If Any Of You Mention Oils, I Will Punch You In The Face

Taking your child to the pediatrician’s office is the worst. When you walk through the door and turn toward the Sick Side of the waiting room you can almost feel the germs descend onto your scalp and lay eggs in your eyebrows. Your child is of course oblivious to this. She wriggles away from your iron death grip and traipses across the lobby, stopping to lick the handles of the chairs and laying down and humping the industrial carpet with her little diapered bum. 

As the receptionist hands you The Pen, you know the one, the one that’s been touched by boogery hands filled with moist flu virus, you frantically dig through your purse looking for your own pen, because your own boogers are way cleaner than everybody else’s.

Defeated, you gingerly grasp the waiting room pen and sign in, eyeballing the hand sanitizer nearby. If your peds office is anything like mine, the hand sanitizer dispenser squirts right at eye level, so you’re basically maced every time you try to practice hygiene.

Blinking back tears, you find your child trying to shove all the toy blocks in her mouth and fight back a dry heave. You surreptitiously attempt to swab out her mouth with the leftover hand sanitizer still globbing onto your eyelashes.

They call her name, and you grab her hand as she wipes her own green boogers across the play mat and stands up. Paying it forward.
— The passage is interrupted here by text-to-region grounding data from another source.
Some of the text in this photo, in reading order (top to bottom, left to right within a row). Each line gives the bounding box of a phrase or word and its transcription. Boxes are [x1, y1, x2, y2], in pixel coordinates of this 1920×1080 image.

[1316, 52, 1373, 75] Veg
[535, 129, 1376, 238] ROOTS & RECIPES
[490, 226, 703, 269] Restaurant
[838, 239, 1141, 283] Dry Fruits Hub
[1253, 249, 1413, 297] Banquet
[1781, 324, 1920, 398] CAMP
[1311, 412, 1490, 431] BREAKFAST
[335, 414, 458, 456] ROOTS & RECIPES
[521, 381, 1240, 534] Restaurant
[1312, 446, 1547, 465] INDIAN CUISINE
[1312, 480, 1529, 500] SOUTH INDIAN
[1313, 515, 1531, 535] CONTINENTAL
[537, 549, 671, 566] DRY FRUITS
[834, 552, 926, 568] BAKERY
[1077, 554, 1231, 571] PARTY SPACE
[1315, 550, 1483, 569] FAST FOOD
They take you into the little room for the weigh in and she licks the scale for good measure. As you turn to talk with the nurse about her blood pressure, you feel yours rising as you see your daughter wipe the floor then stick her finger in her own eye.

Into the room, you help her sit on the examining table wrapped in crackly paper and she begins ripping the edges and unrolling the rest. You check your phone, then realize your phone is now covered in rotavirus, hepatitis C, and ebola. You grab more hand sanitizer to wipe off your phone and get another shot in the eye.
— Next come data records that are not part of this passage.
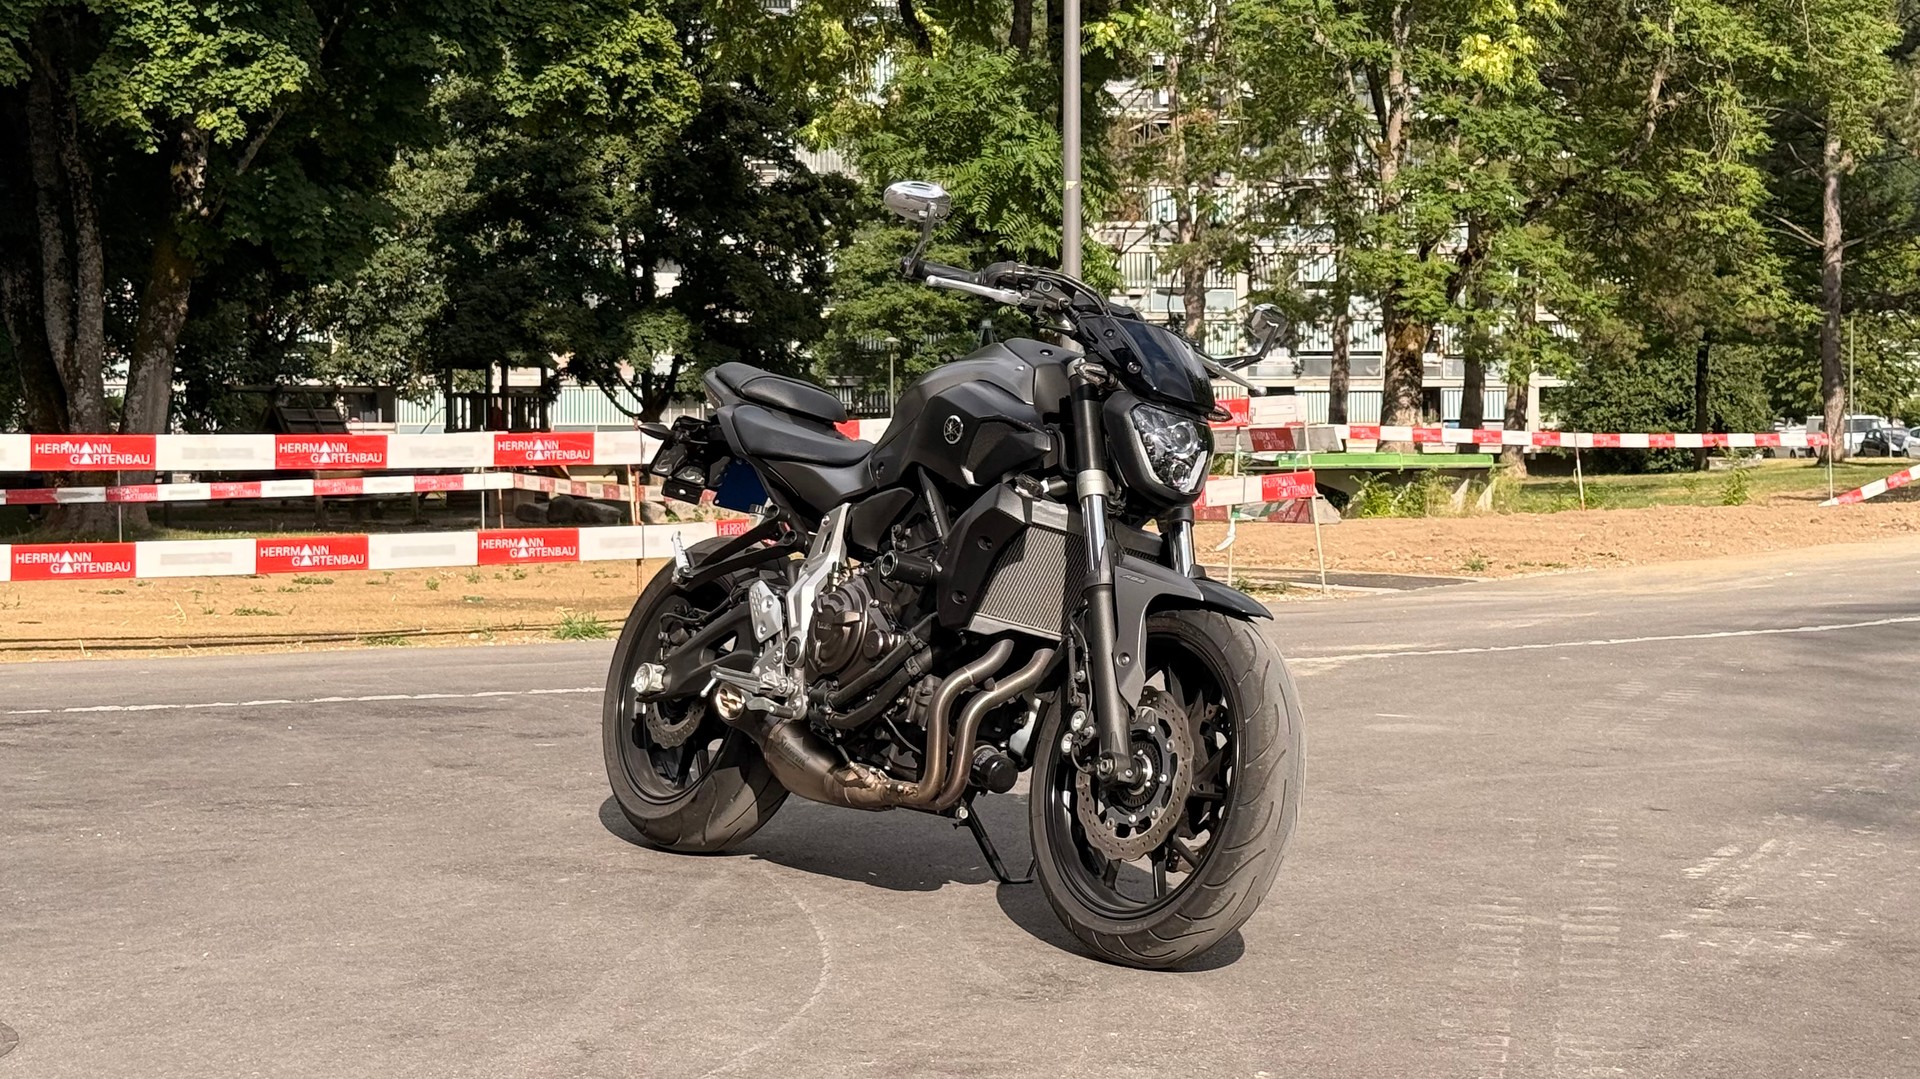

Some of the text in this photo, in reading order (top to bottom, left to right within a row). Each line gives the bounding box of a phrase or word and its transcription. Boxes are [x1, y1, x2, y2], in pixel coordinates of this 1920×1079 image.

[35, 442, 112, 454] HERRMANN
[279, 441, 348, 453] HERRMANN
[497, 439, 559, 451] HERRMANN
[69, 453, 151, 465] GARTENBAU
[310, 452, 383, 463] GARTENBAU
[525, 449, 591, 460] GARTENBAU
[481, 537, 544, 549] HERRMANN
[260, 544, 329, 557] HERRMANN
[509, 546, 576, 558] GARTENBAU
[15, 551, 92, 564] HERRMANN
[291, 555, 365, 566] GARTENBAU
[50, 562, 131, 574] GARTENBAU
The doctor does the obligatory courtesy knock before opening the door to reveal your daughter hanging off the edge of the table while you wipe sanitizer out of your eye and your mascara trails down your cheek. You pull yourself together and save your child just before she cannonballs off the table. You are a great parent. You are rocking this. The doctor will not be reporting you to DFACs.

The doctor confirms that your daughter has a virus, a double ear infection, and pinkeye, and your own eyes begin to itch uncontrollably. As soon as she leaves, you pump more sanitizer into your eye for good measure, grab your prescription, and pull your daughter off the table.

She licks the door frame for good measure.

At checkout while you sign the credit card slip, your daughter sucks on the counter, touches her eye, and wipes your face. You schedule a follow up appointment for two weeks from today, knowing good and well you’ll be back here later this week.

They hand her a sticker, which she drops on the floor, steps on, picks up, and puts directly into her mouth.

Super.

You take her for chicken nuggets on the way home and as she shoves a nugget into her mouth, licking her greasy fingers, you realize you forgot to wash her hands. Three days later, you’re back at the doctor with a brand new virus. Well played, peds office. Well played.